A verbatim repetition of the data below is requested, without images.
[Start of section]
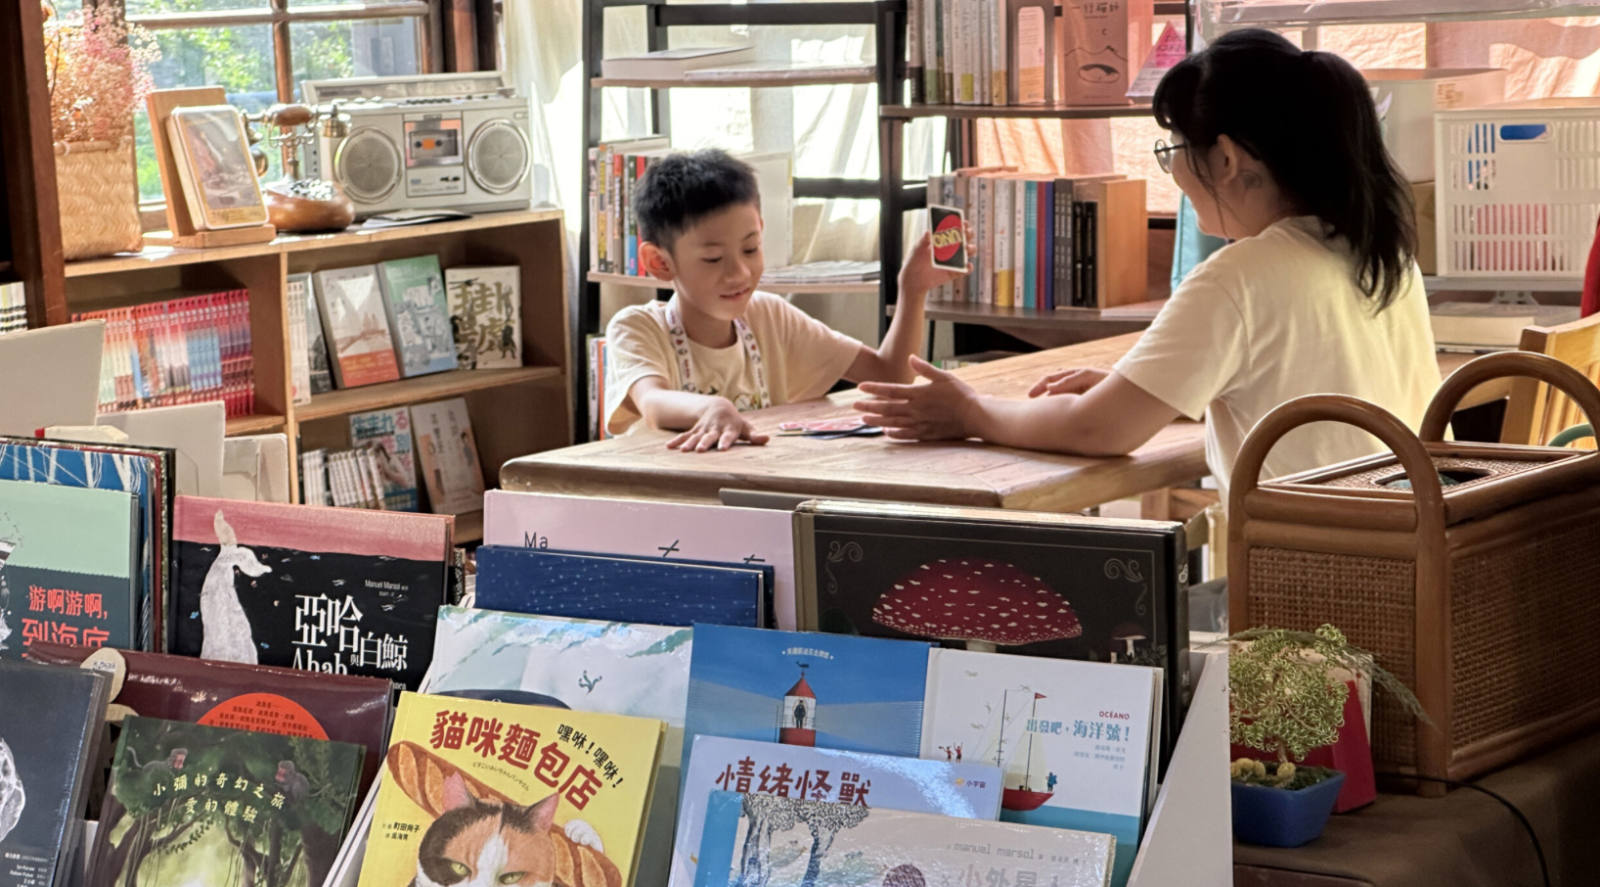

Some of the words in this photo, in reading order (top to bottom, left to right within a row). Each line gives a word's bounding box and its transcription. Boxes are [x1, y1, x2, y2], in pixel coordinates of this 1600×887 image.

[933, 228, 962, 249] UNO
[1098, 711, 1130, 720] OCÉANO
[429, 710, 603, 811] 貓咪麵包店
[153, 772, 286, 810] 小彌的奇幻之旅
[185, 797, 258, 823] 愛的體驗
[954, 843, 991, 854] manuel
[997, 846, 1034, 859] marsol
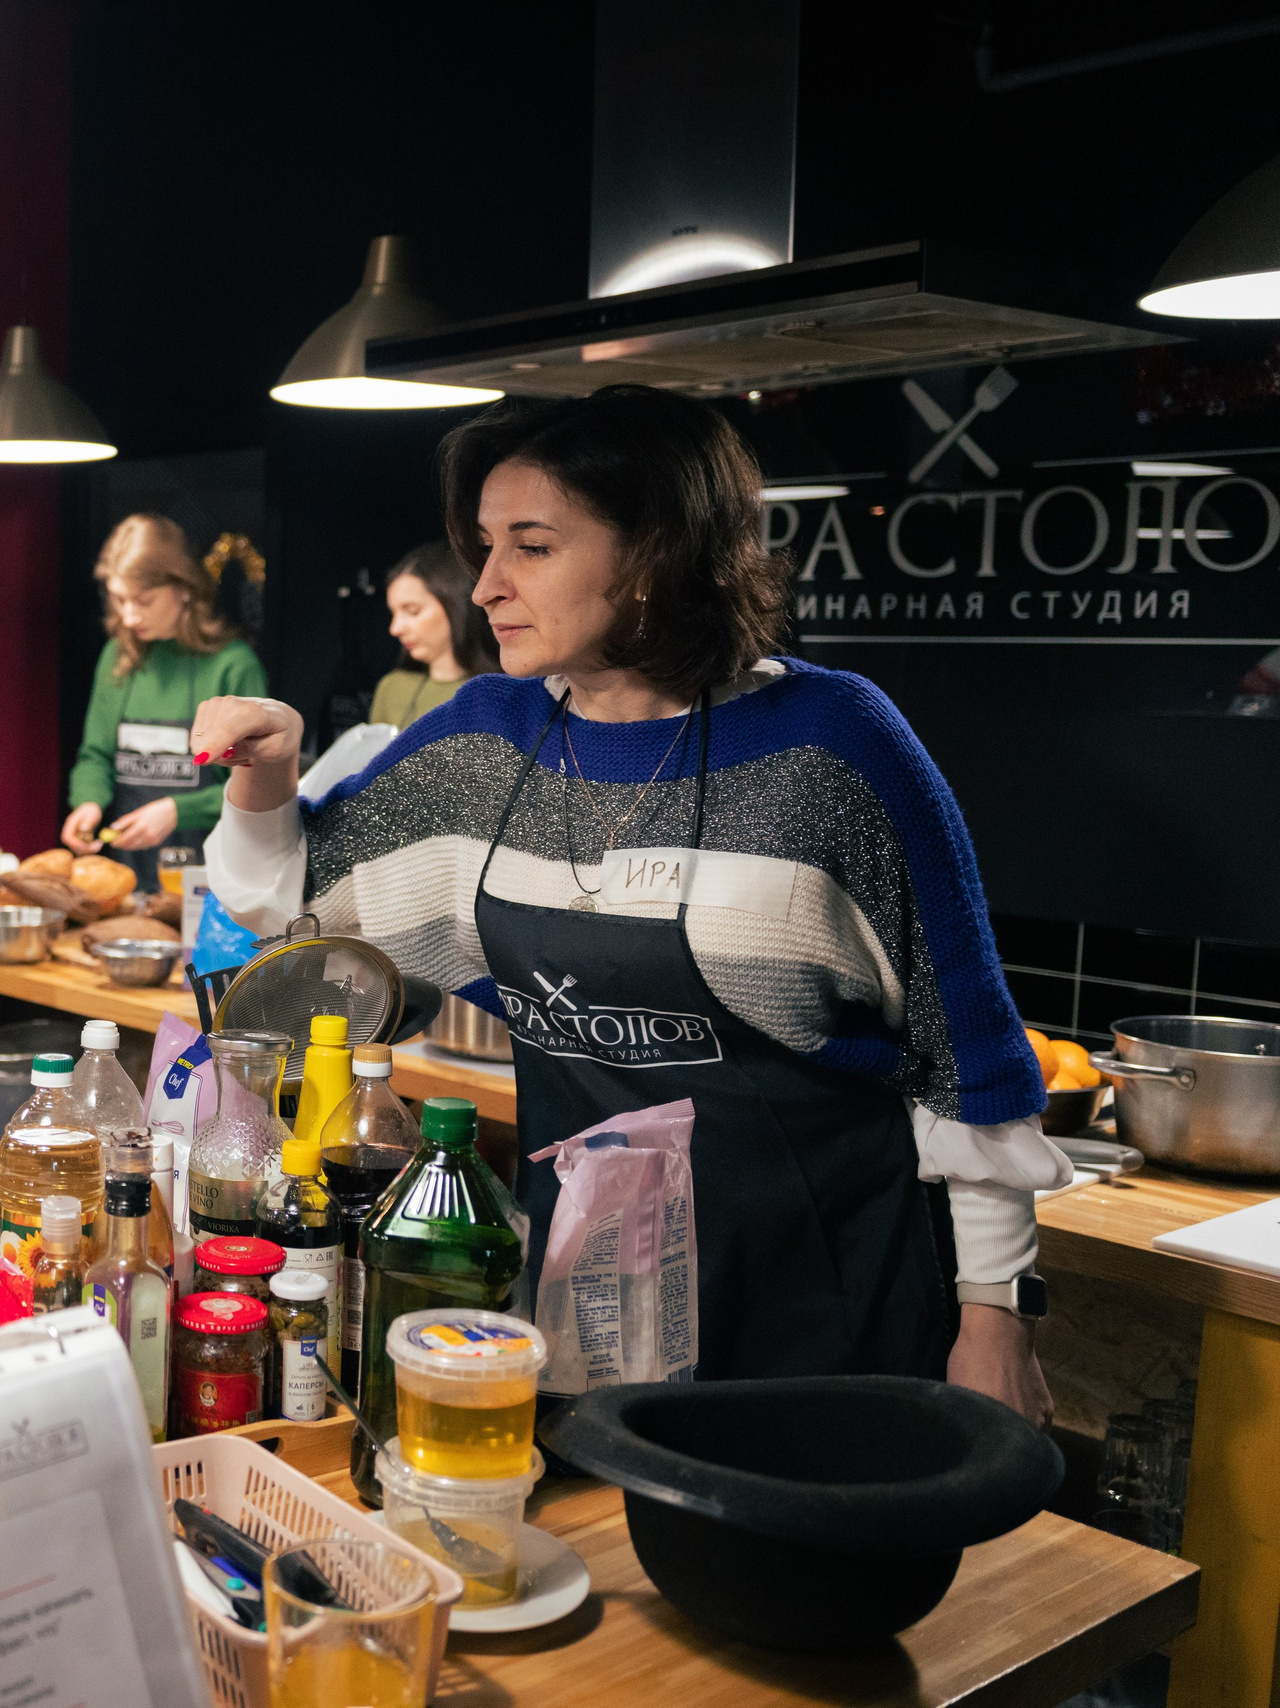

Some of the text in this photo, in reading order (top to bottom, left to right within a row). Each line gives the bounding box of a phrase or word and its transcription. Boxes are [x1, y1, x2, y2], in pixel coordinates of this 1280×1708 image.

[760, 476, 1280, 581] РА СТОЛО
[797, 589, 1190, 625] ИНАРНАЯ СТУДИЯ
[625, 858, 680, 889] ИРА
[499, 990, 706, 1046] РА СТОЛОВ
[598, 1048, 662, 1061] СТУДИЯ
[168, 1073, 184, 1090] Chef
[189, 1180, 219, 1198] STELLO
[End of section]
Solved exercise:
Some of the words in this photo, in reading order (top to bottom, left to right within a row). Each line gives a word's bounding box and its transcription. Boxes are [x1, y1, x2, y2], in pixel coordinates of this 1600×887 image.

[933, 228, 962, 249] UNO
[1098, 711, 1130, 720] OCÉANO
[429, 710, 603, 811] 貓咪麵包店
[153, 772, 286, 810] 小彌的奇幻之旅
[185, 797, 258, 823] 愛的體驗
[954, 843, 991, 854] manuel
[997, 846, 1034, 859] marsol

Some of the text in this photo, in reading order (top to bottom, left to right within a row). Each line gives the bounding box of a phrase or word and its transcription. Boxes are [x1, y1, x2, y2], in pixel coordinates of this 1280×1708 image.

[760, 476, 1280, 581] РА СТОЛО
[797, 589, 1190, 625] ИНАРНАЯ СТУДИЯ
[625, 858, 680, 889] ИРА
[499, 990, 706, 1046] РА СТОЛОВ
[598, 1048, 662, 1061] СТУДИЯ
[168, 1073, 184, 1090] Chef
[189, 1180, 219, 1198] STELLO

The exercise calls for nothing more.